→ **DATA EXCERPTS**:
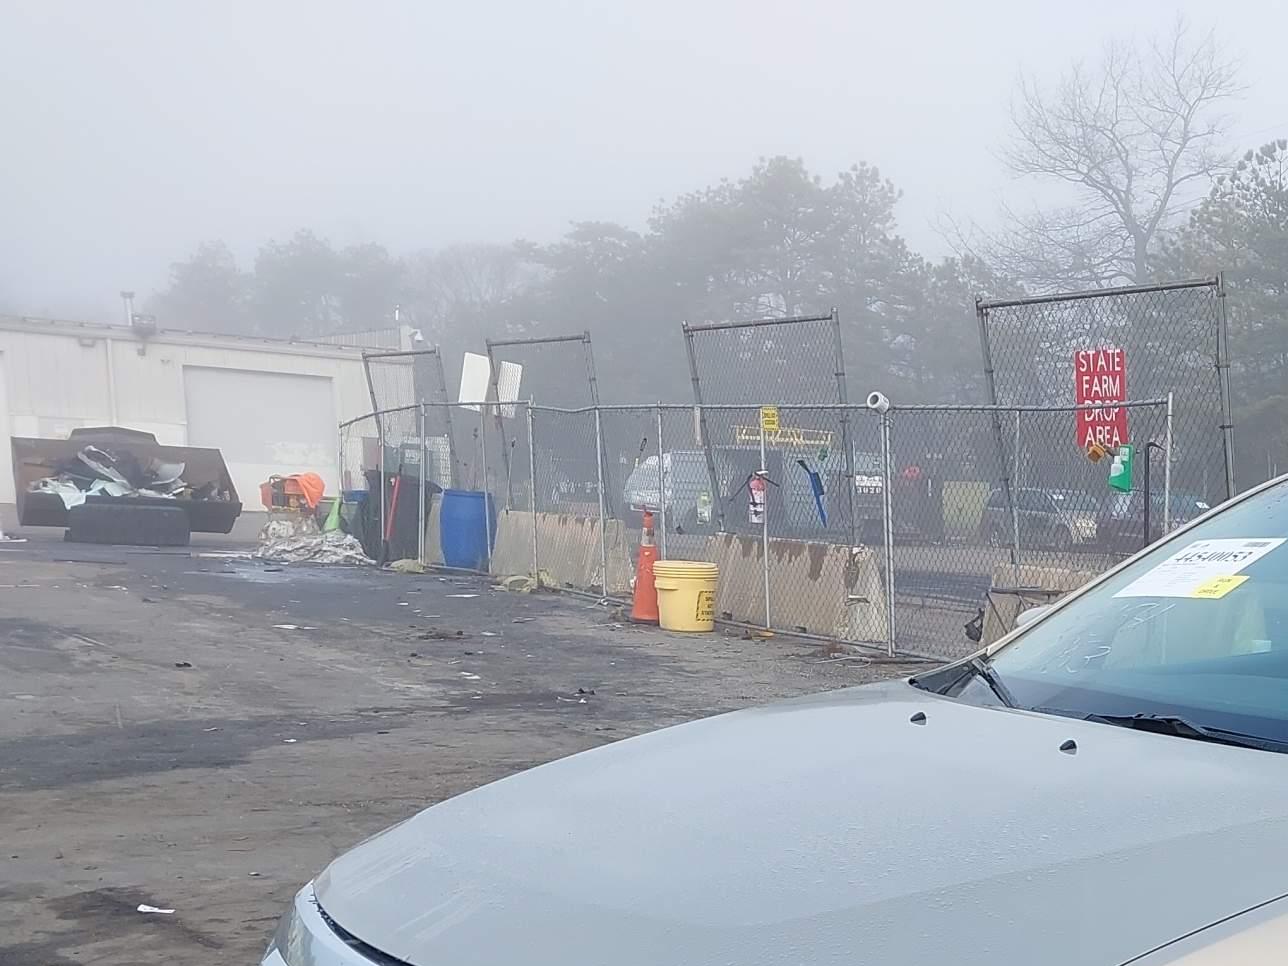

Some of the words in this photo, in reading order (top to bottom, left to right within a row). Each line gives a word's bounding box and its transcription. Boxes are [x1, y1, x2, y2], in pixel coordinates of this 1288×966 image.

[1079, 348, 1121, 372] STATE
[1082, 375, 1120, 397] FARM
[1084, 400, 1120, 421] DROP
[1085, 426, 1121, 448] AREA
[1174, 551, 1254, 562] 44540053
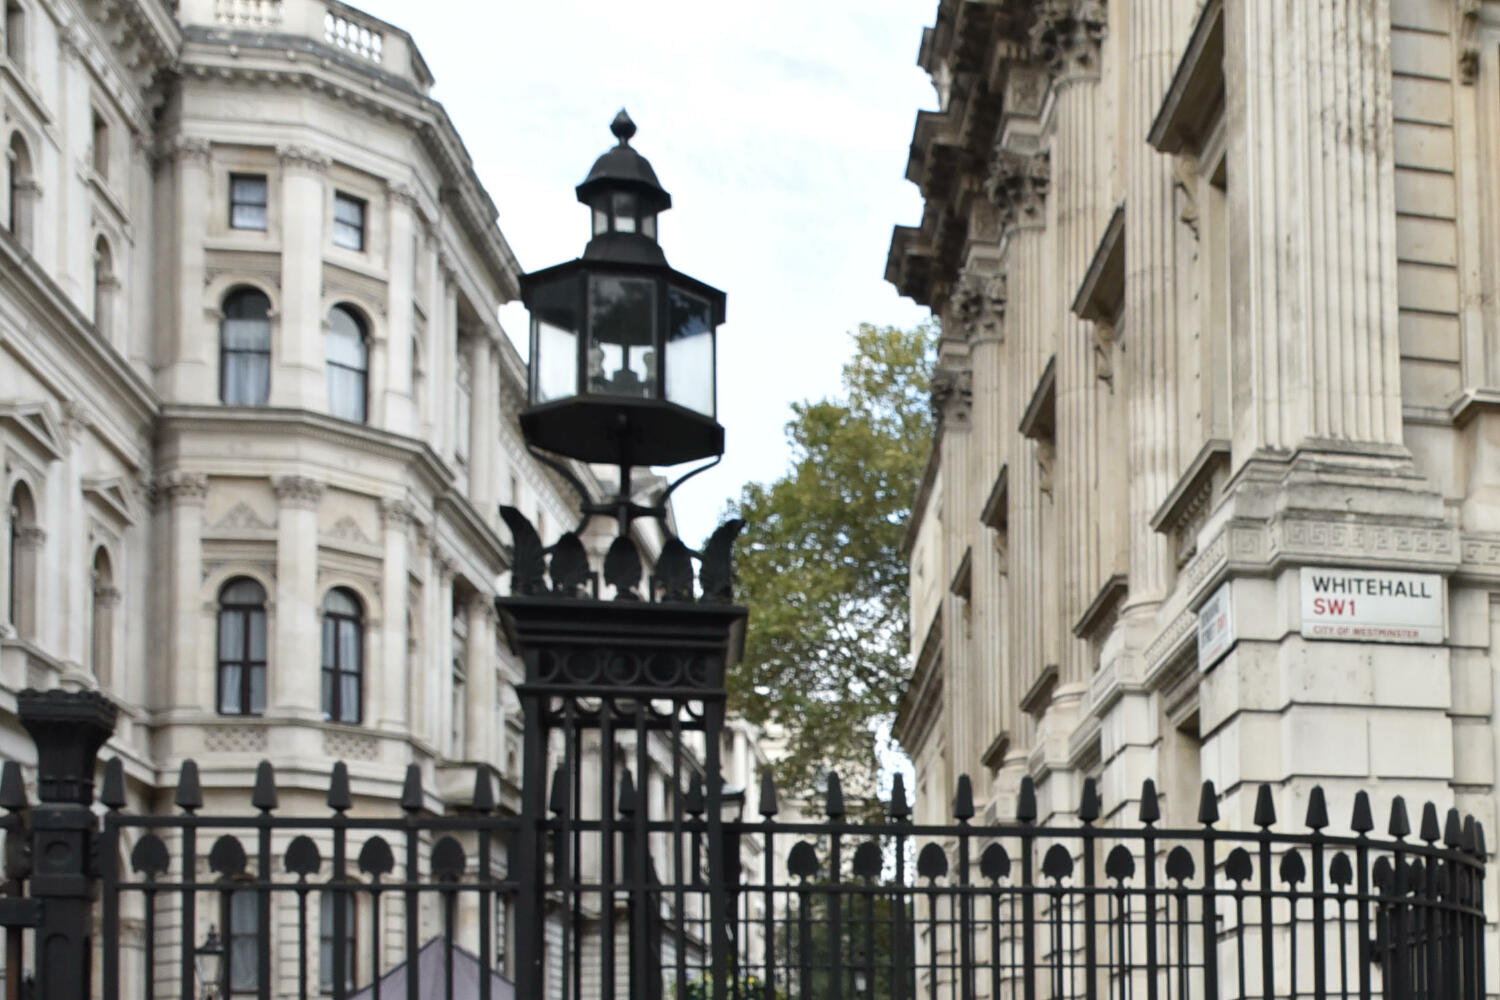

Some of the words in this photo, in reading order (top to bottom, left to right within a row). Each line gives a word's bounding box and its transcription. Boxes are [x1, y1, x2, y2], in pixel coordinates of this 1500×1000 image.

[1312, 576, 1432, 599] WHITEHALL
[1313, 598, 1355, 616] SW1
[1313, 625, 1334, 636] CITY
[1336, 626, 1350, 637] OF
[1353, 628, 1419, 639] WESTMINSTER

→ **WHAT THIS TASK INVOLVES**:
Nothing but the pictures should be left out when the listing above is transcribed.

→ **REPLY**:
Some of the words in this photo, in reading order (top to bottom, left to right within a row). Each line gives a word's bounding box and its transcription. Boxes are [x1, y1, x2, y2], in pixel coordinates of this 1288×966 image.

[1079, 348, 1121, 372] STATE
[1082, 375, 1120, 397] FARM
[1084, 400, 1120, 421] DROP
[1085, 426, 1121, 448] AREA
[1174, 551, 1254, 562] 44540053

Some of the words in this photo, in reading order (top to bottom, left to right within a row). Each line gives a word's bounding box and its transcription. Boxes are [x1, y1, x2, y2], in pixel coordinates of this 1500×1000 image.

[1312, 576, 1432, 599] WHITEHALL
[1313, 598, 1355, 616] SW1
[1313, 625, 1334, 636] CITY
[1336, 626, 1350, 637] OF
[1353, 628, 1419, 639] WESTMINSTER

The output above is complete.